* [Records from a dataset]
——

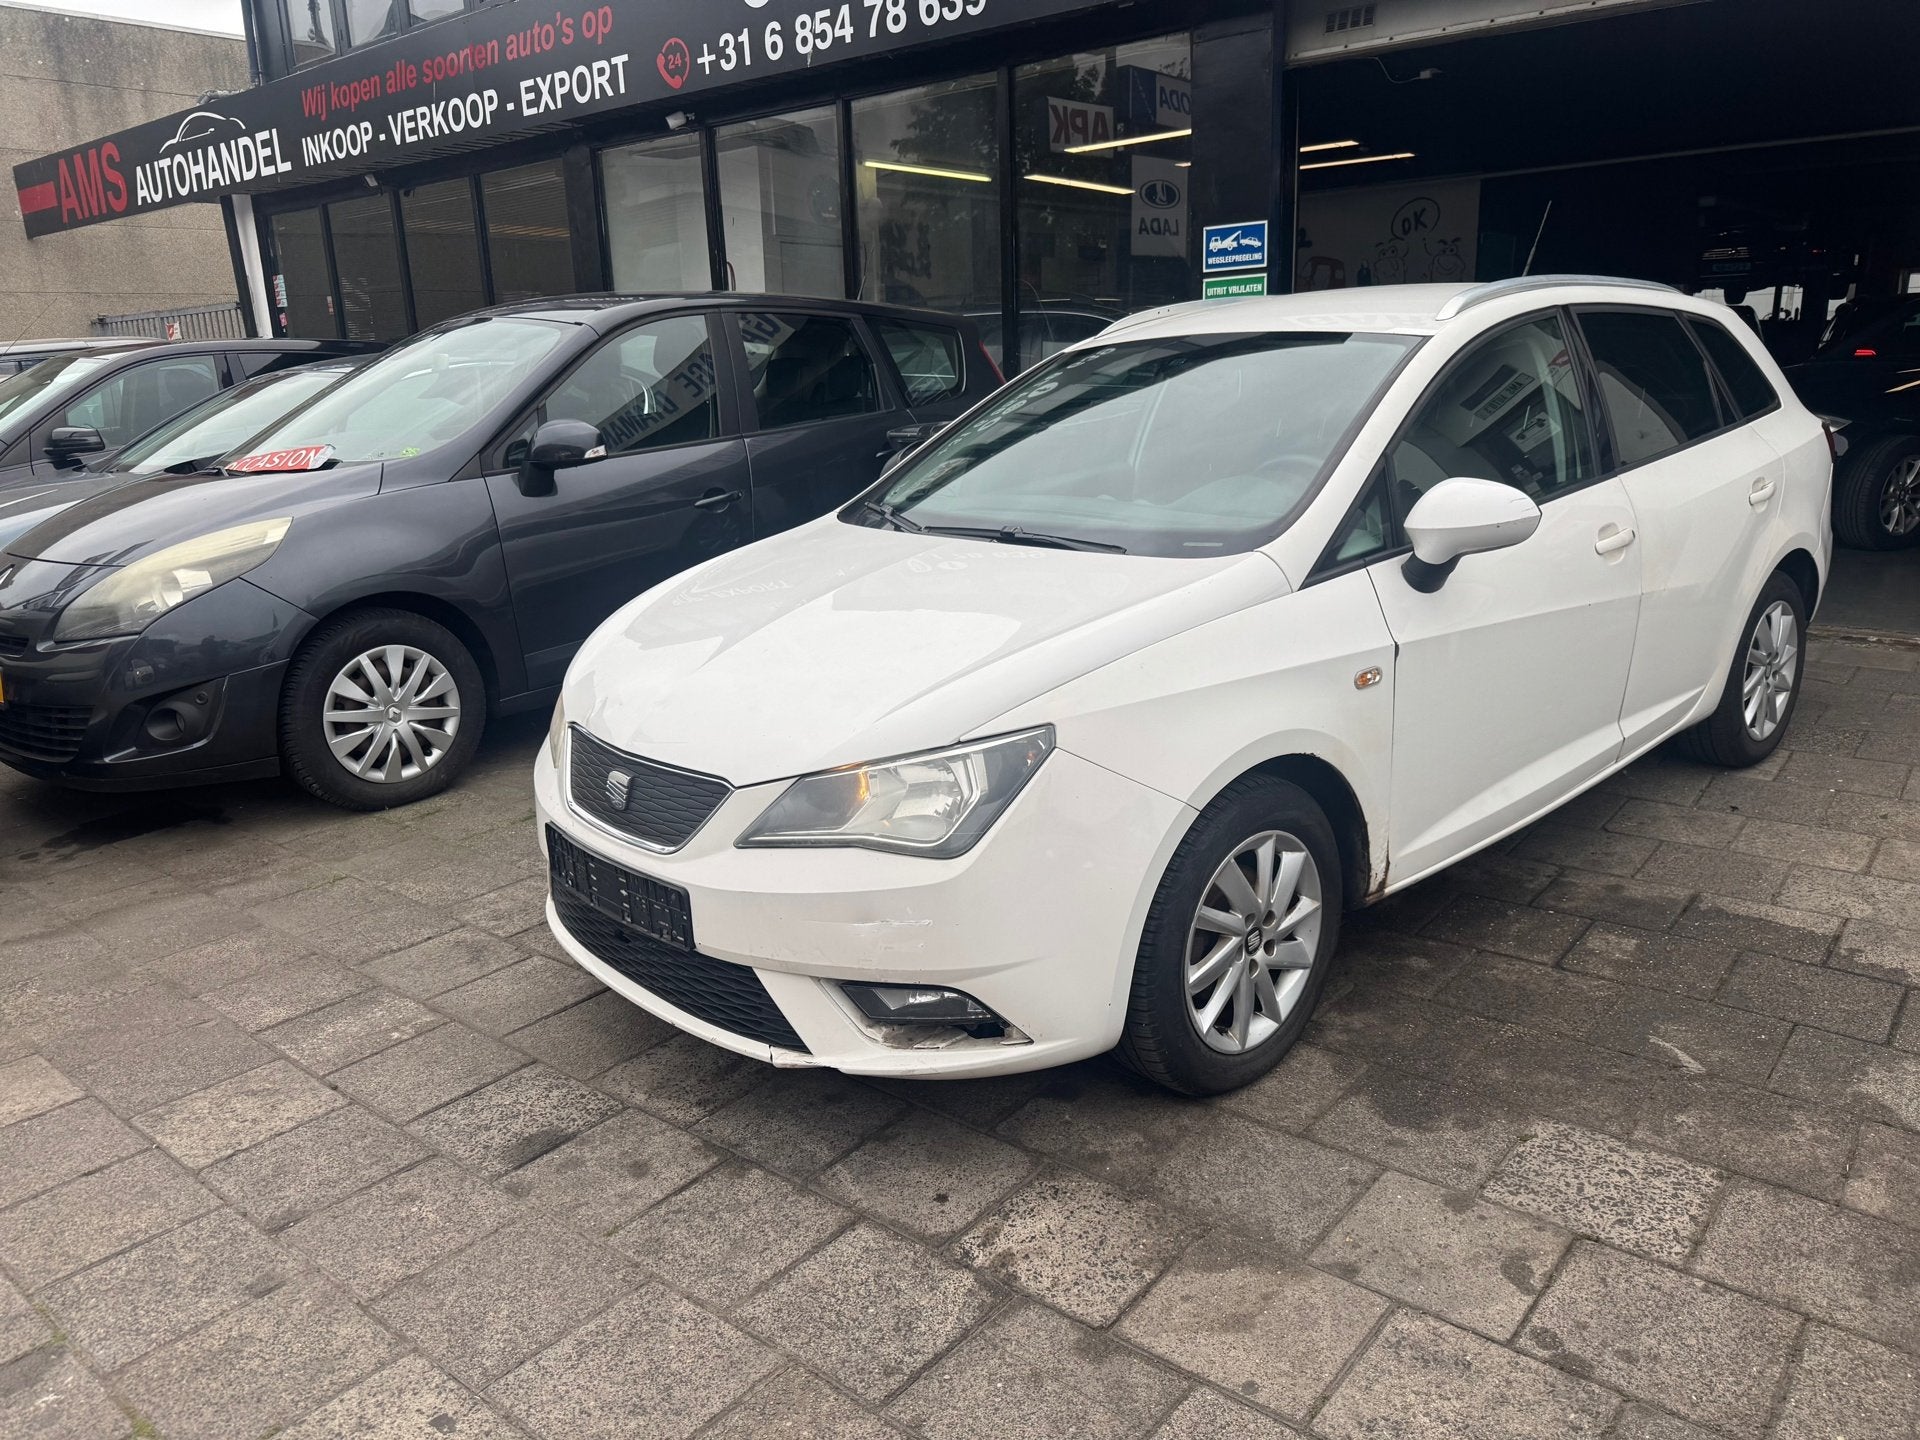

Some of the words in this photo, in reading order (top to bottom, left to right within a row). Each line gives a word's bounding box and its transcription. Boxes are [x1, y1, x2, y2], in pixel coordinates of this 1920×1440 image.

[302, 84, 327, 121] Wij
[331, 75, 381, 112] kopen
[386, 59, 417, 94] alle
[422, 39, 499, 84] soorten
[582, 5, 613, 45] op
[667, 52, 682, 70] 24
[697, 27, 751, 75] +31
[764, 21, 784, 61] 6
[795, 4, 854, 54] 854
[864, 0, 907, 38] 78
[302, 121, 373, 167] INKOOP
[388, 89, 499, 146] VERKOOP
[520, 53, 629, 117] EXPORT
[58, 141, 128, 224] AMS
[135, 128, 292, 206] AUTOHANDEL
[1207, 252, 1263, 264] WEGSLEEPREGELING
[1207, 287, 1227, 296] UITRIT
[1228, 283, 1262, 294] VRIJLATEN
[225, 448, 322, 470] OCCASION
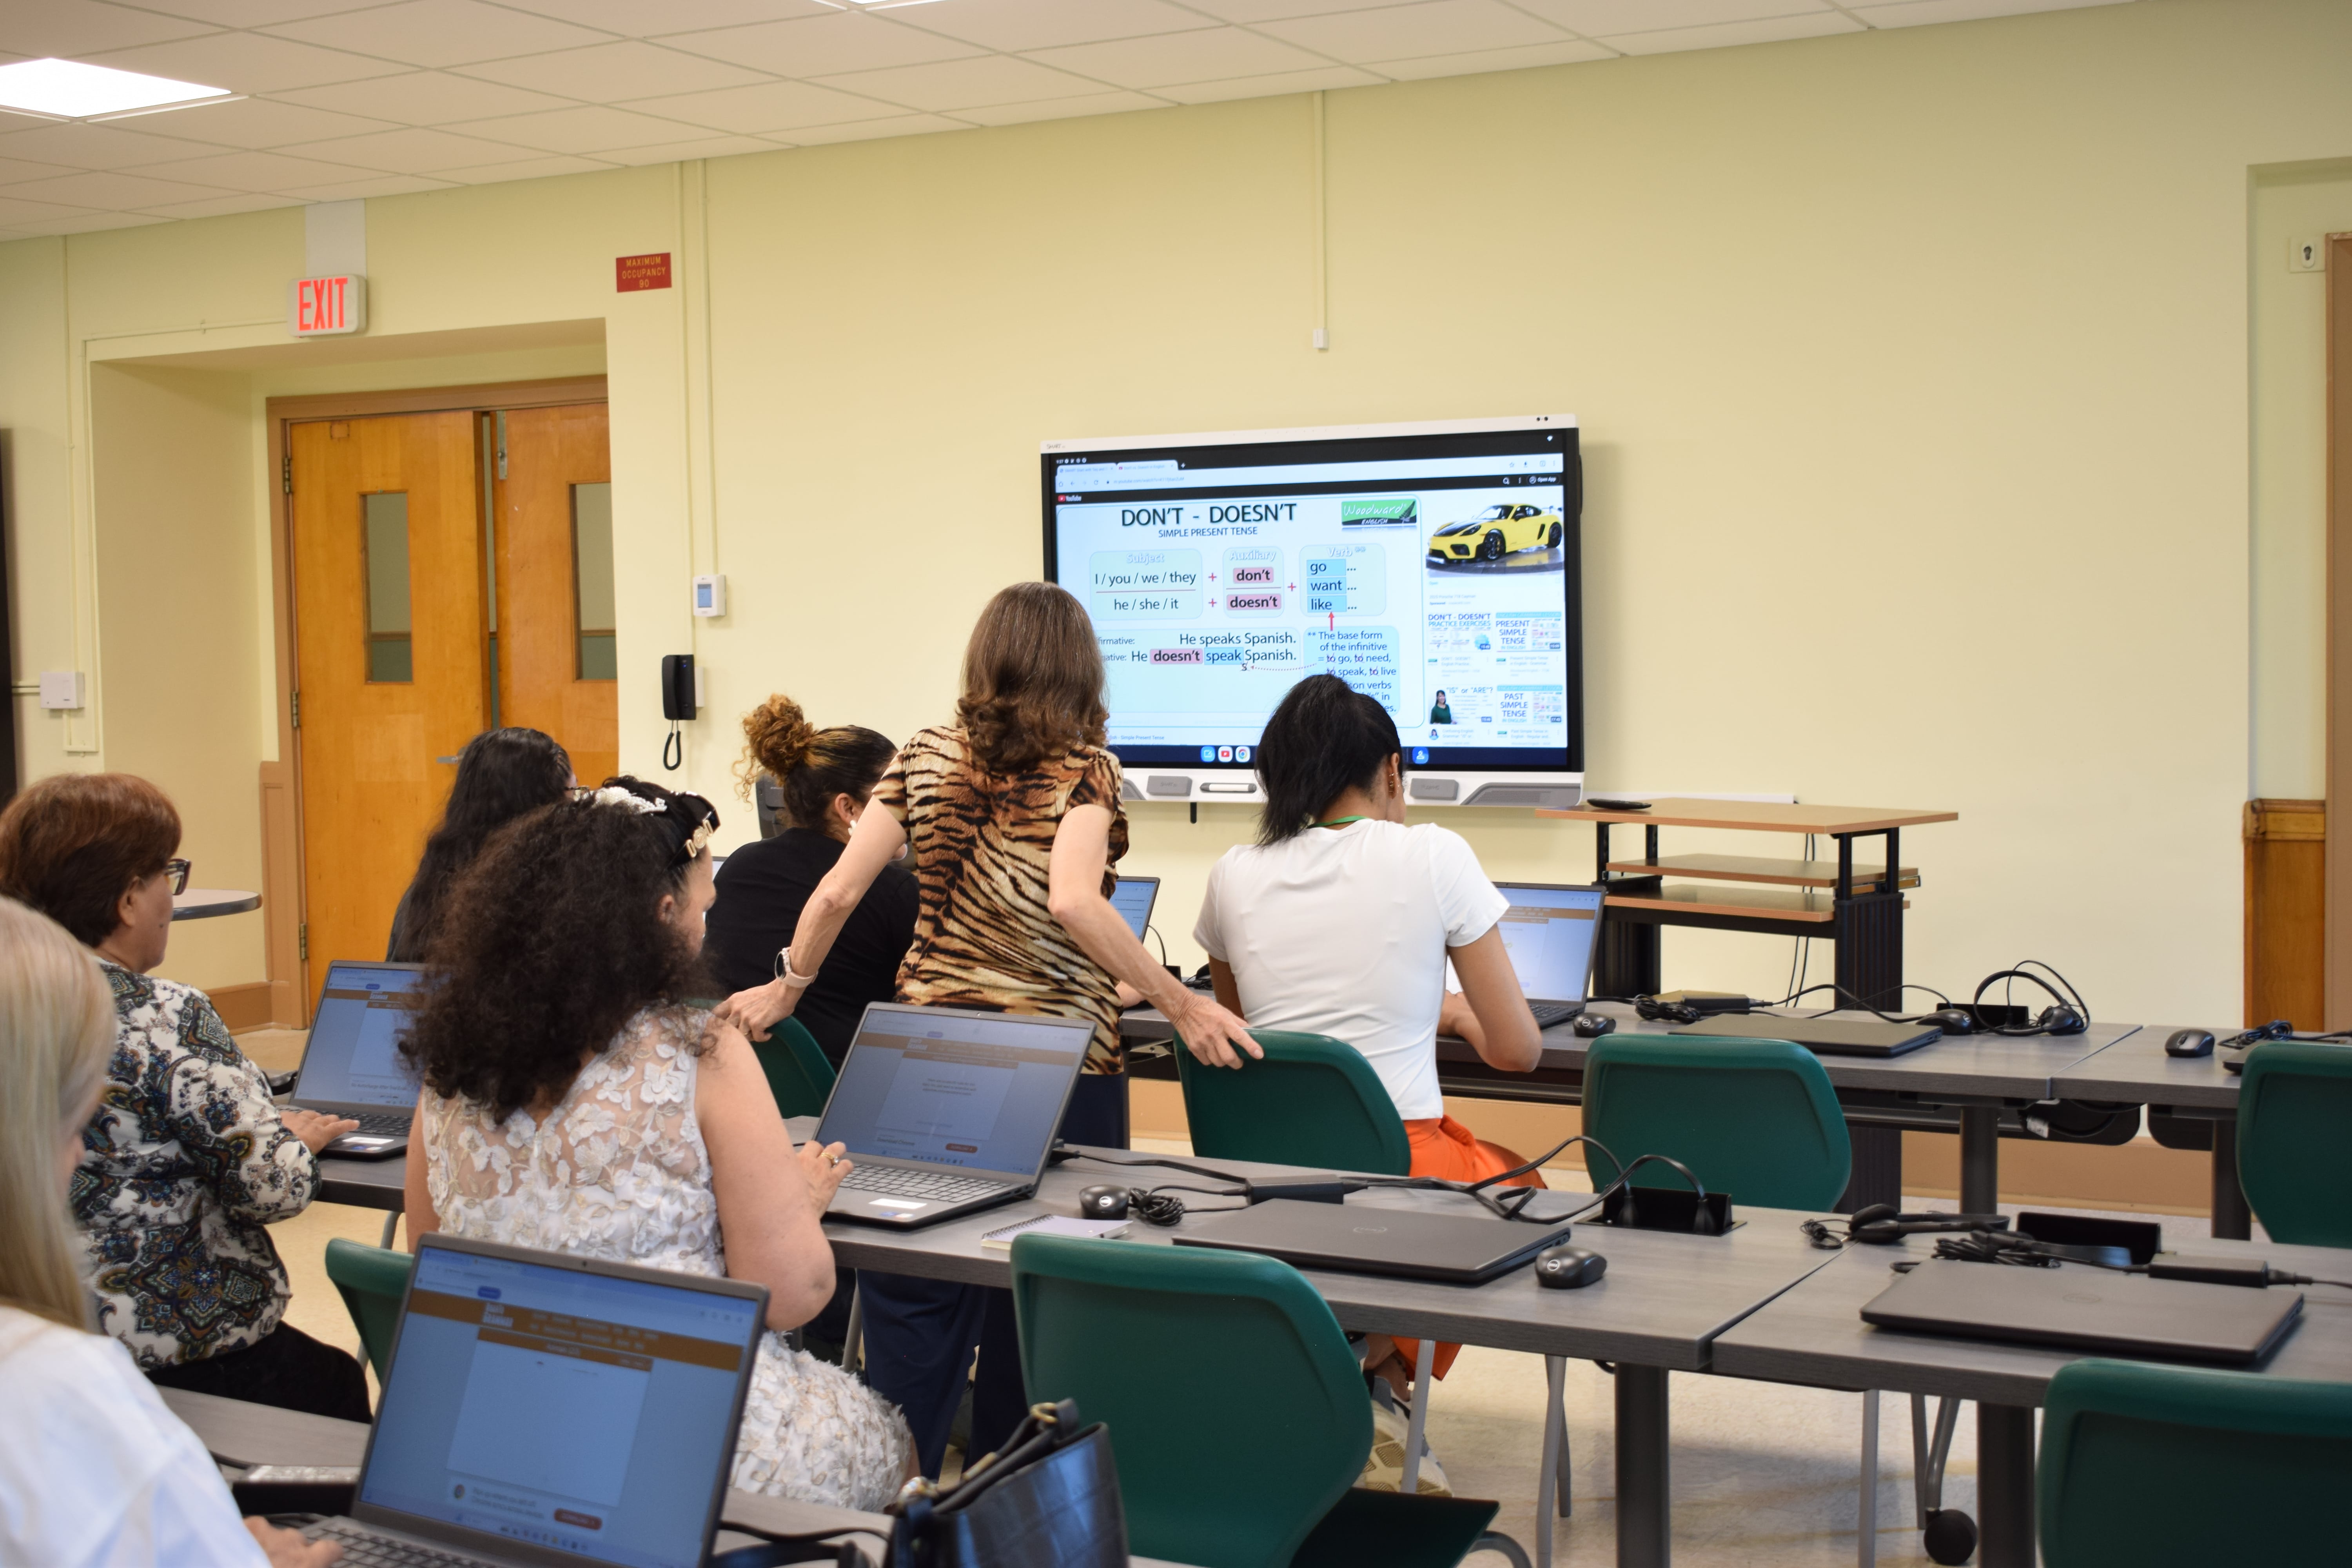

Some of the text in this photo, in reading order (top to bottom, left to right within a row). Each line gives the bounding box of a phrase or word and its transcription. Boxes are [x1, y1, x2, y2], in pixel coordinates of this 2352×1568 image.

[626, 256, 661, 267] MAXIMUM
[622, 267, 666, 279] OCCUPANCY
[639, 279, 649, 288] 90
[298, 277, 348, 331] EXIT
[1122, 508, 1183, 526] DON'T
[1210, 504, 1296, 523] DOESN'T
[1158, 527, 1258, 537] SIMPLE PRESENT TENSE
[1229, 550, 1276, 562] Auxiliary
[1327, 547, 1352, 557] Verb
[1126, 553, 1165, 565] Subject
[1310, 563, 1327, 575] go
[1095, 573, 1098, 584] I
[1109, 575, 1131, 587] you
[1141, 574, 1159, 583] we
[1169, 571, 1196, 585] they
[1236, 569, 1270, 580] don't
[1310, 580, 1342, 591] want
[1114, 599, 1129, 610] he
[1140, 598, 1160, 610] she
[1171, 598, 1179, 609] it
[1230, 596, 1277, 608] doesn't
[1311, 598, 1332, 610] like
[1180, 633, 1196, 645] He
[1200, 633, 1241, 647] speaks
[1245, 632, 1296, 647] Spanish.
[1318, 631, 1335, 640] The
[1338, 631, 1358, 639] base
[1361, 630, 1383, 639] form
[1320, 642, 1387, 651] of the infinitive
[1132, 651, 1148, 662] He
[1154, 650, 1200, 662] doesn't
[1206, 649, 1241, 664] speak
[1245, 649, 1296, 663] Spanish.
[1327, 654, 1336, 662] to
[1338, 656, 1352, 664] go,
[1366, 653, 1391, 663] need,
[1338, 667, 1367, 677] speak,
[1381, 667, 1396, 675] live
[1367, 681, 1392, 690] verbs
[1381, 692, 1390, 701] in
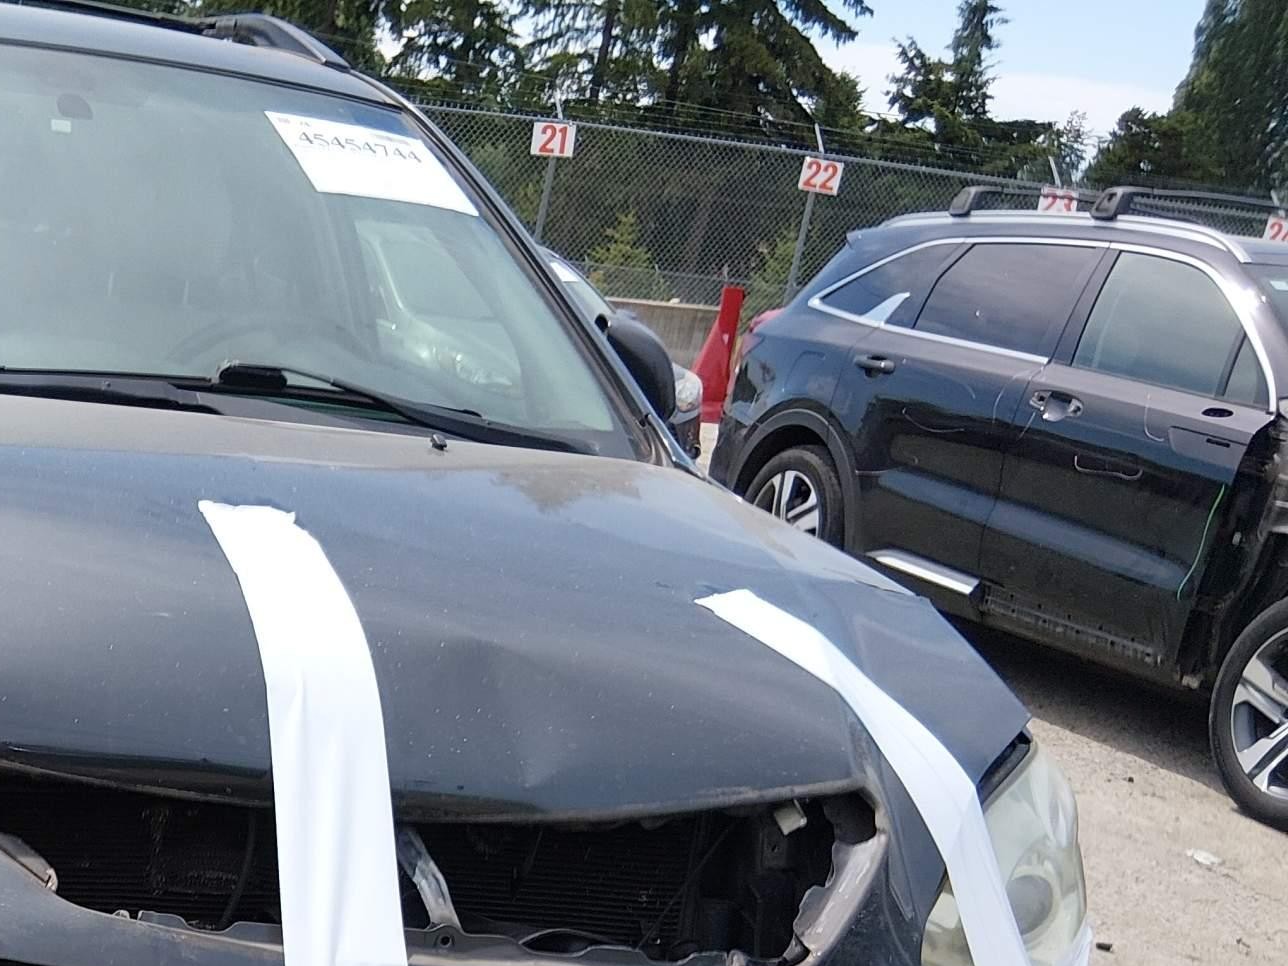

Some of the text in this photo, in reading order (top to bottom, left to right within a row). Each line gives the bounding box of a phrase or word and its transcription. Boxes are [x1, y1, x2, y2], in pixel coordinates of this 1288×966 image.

——

Reproduce the records, all of them, word for word; omit the pictures.

* [Output of the task]
Some of the words in this photo, in reading order (top to bottom, left to right within a row). Each line gives a word's bounding box and its transcription. Boxes are [x1, y1, x2, y2], in pixel coordinates of this 1920×1440 image.

[302, 84, 327, 121] Wij
[331, 75, 381, 112] kopen
[386, 59, 417, 94] alle
[422, 39, 499, 84] soorten
[582, 5, 613, 45] op
[667, 52, 682, 70] 24
[697, 27, 751, 75] +31
[764, 21, 784, 61] 6
[795, 4, 854, 54] 854
[864, 0, 907, 38] 78
[302, 121, 373, 167] INKOOP
[388, 89, 499, 146] VERKOOP
[520, 53, 629, 117] EXPORT
[58, 141, 128, 224] AMS
[135, 128, 292, 206] AUTOHANDEL
[1207, 252, 1263, 264] WEGSLEEPREGELING
[1207, 287, 1227, 296] UITRIT
[1228, 283, 1262, 294] VRIJLATEN
[225, 448, 322, 470] OCCASION

Some of the text in this photo, in reading order (top to bottom, left to right within a row). Each line gives the bounding box of a phrase or word and its transcription. Boxes are [x1, y1, x2, y2], in pixel coordinates of this 2352×1568 image.

[626, 256, 661, 267] MAXIMUM
[622, 267, 666, 279] OCCUPANCY
[639, 279, 649, 288] 90
[298, 277, 348, 331] EXIT
[1122, 508, 1183, 526] DON'T
[1210, 504, 1296, 523] DOESN'T
[1158, 527, 1258, 537] SIMPLE PRESENT TENSE
[1229, 550, 1276, 562] Auxiliary
[1327, 547, 1352, 557] Verb
[1126, 553, 1165, 565] Subject
[1310, 563, 1327, 575] go
[1095, 573, 1098, 584] I
[1109, 575, 1131, 587] you
[1141, 574, 1159, 583] we
[1169, 571, 1196, 585] they
[1236, 569, 1270, 580] don't
[1310, 580, 1342, 591] want
[1114, 599, 1129, 610] he
[1140, 598, 1160, 610] she
[1171, 598, 1179, 609] it
[1230, 596, 1277, 608] doesn't
[1311, 598, 1332, 610] like
[1180, 633, 1196, 645] He
[1200, 633, 1241, 647] speaks
[1245, 632, 1296, 647] Spanish.
[1318, 631, 1335, 640] The
[1338, 631, 1358, 639] base
[1361, 630, 1383, 639] form
[1320, 642, 1387, 651] of the infinitive
[1132, 651, 1148, 662] He
[1154, 650, 1200, 662] doesn't
[1206, 649, 1241, 664] speak
[1245, 649, 1296, 663] Spanish.
[1327, 654, 1336, 662] to
[1338, 656, 1352, 664] go,
[1366, 653, 1391, 663] need,
[1338, 667, 1367, 677] speak,
[1381, 667, 1396, 675] live
[1367, 681, 1392, 690] verbs
[1381, 692, 1390, 701] in

Some of the text in this photo, in reading order (top to bottom, left to right within a row). Each line gives the bounding box of a phrase or word and its transcription. Boxes are [x1, y1, x2, y2], in pixel coordinates of this 1288×966 image.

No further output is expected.